We add that $\Delta V^{\rm tip}_{\rm TO}$ yields an unrealistically low age of 4.5 Gyr, which is most likely due to an underestimate of the tip brightness in the data, but could also be due to errors in the cluster metallicity, as $\Delta V^{\rm tip}_{\rm TO}$ is sensitive to it.

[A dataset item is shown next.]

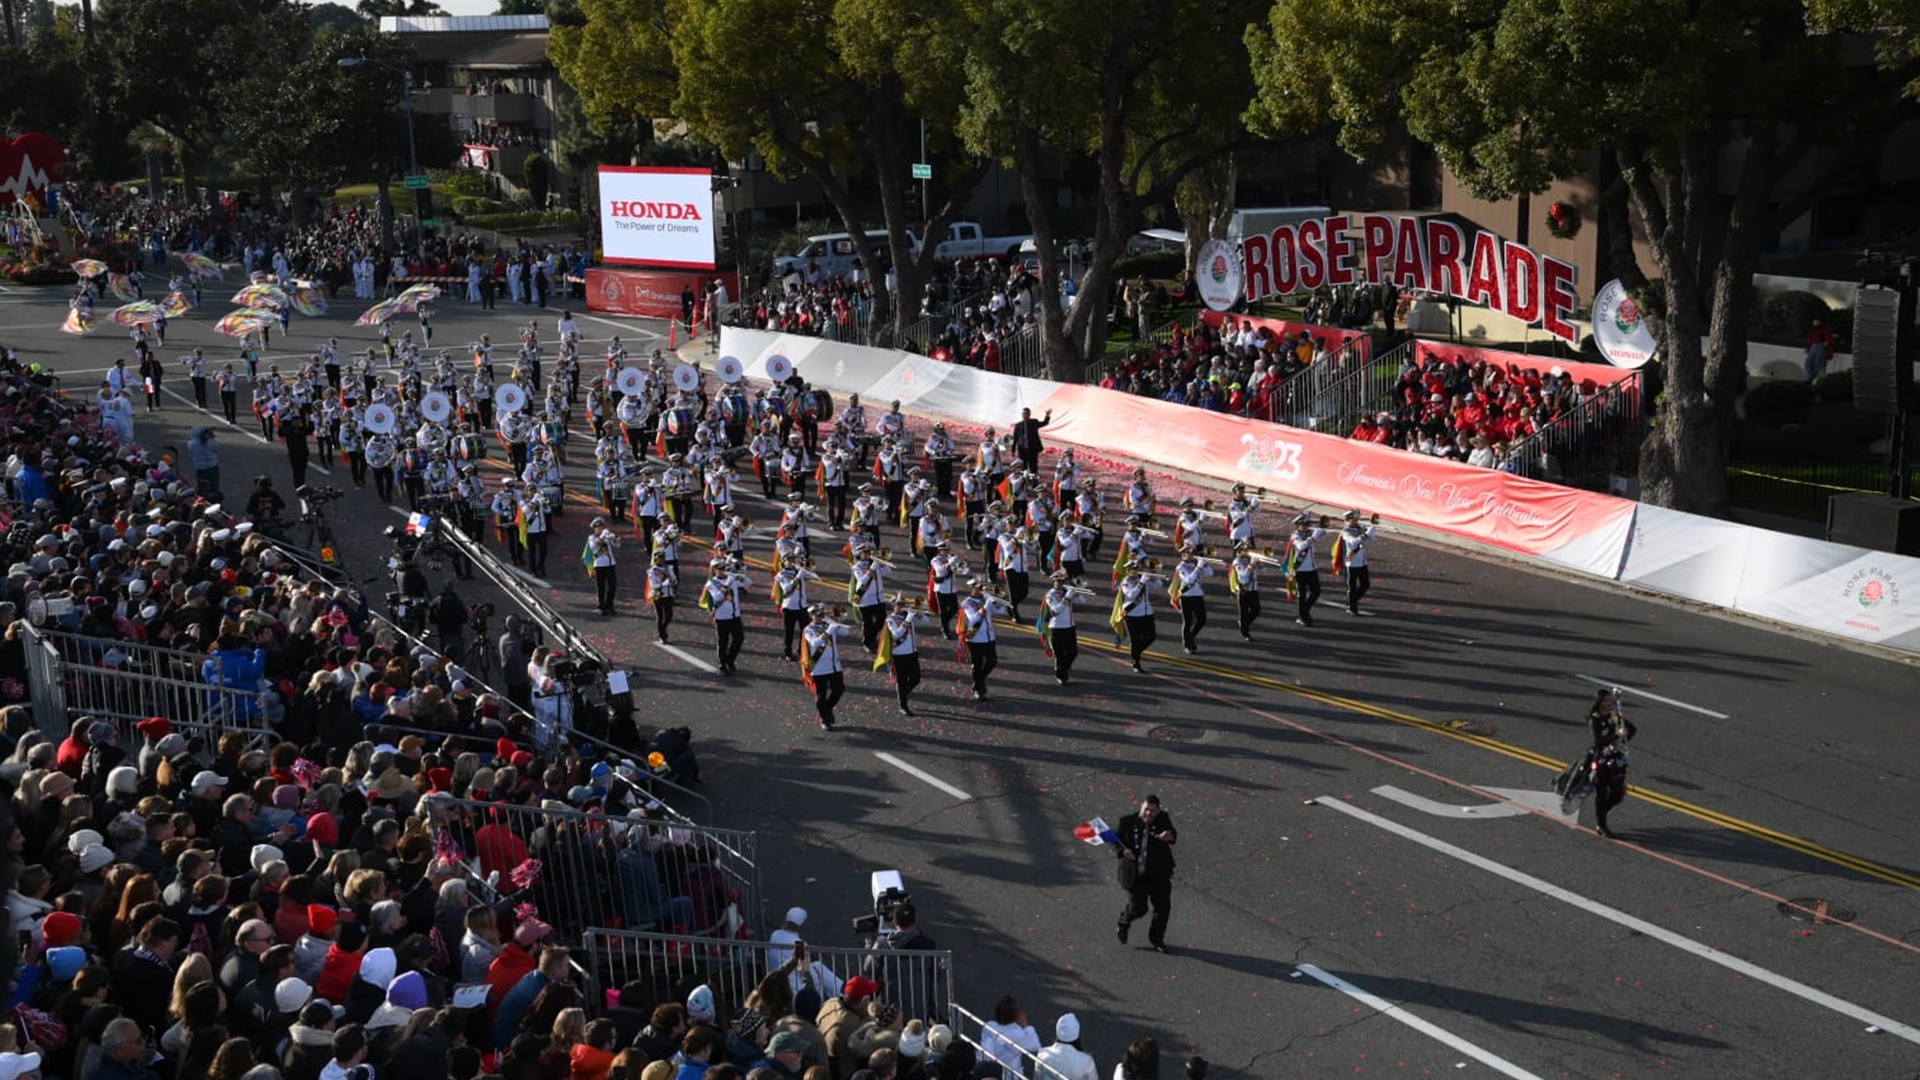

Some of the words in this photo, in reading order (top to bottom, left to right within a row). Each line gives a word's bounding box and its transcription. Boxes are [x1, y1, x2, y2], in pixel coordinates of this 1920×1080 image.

5.3 NGC 6934, a moderately metal-rich cluster

Our second example is that of NGC 6934 ( ${\rm [Fe/H]}= -1.30$); the CMD contains close to 9500 stars and the HB is well populated. As in the previous case we see (Table 3) that the first three indicators agree very well and thus the "Case A'' determination yields an age of 9.0 Gyr with Q=0.857. Due to the higher number of stars, $V_{\rm tip}$ can be determined more accurately and thus $\Delta V^{\rm tip}_{\rm TO}$ yields an age in agreement (Case D). In contrast, inclusion of the bump-brightness yields discrepant ages and Cases B and BC of Table 2 have a much lower confidence level (Fig. 11). The same is true when including the colour indicator $\Delta (B-V)^{\rm RGB}_{\rm TO}$ (Case E), which requires a higher age. This implies that the RGB is too blue, relative to the TO, although our colour transformations have a systematic shift to the red (Sect. 4.3), and is a likely consequence of the theoretical effective temperatures. Cases C and F agree quite well with the turn-off indicators. Overall (Case S) the age is 9.5 Gyr, but the confidence in this result is very low, and M(9.5)=150.

Table 3: Indicator value, age $t_{\rm min}$, minimum value $M(t_{\rm min})$, and fit quality Q for all age indicators applied to NGC 6934.


  \begin{figure}
\par\includegraphics[width=7.5cm,clip]{5133fig11.eps}\end{figure} Figure 11: Combinations of age indicators for NGC 6934: Case A (solid), Case B (dotted), Case C (dashed), Case D (dash dot), Case E (dash dot dot dot), and Case S (diamonds). Case F is not shown, as it coincides with Case A.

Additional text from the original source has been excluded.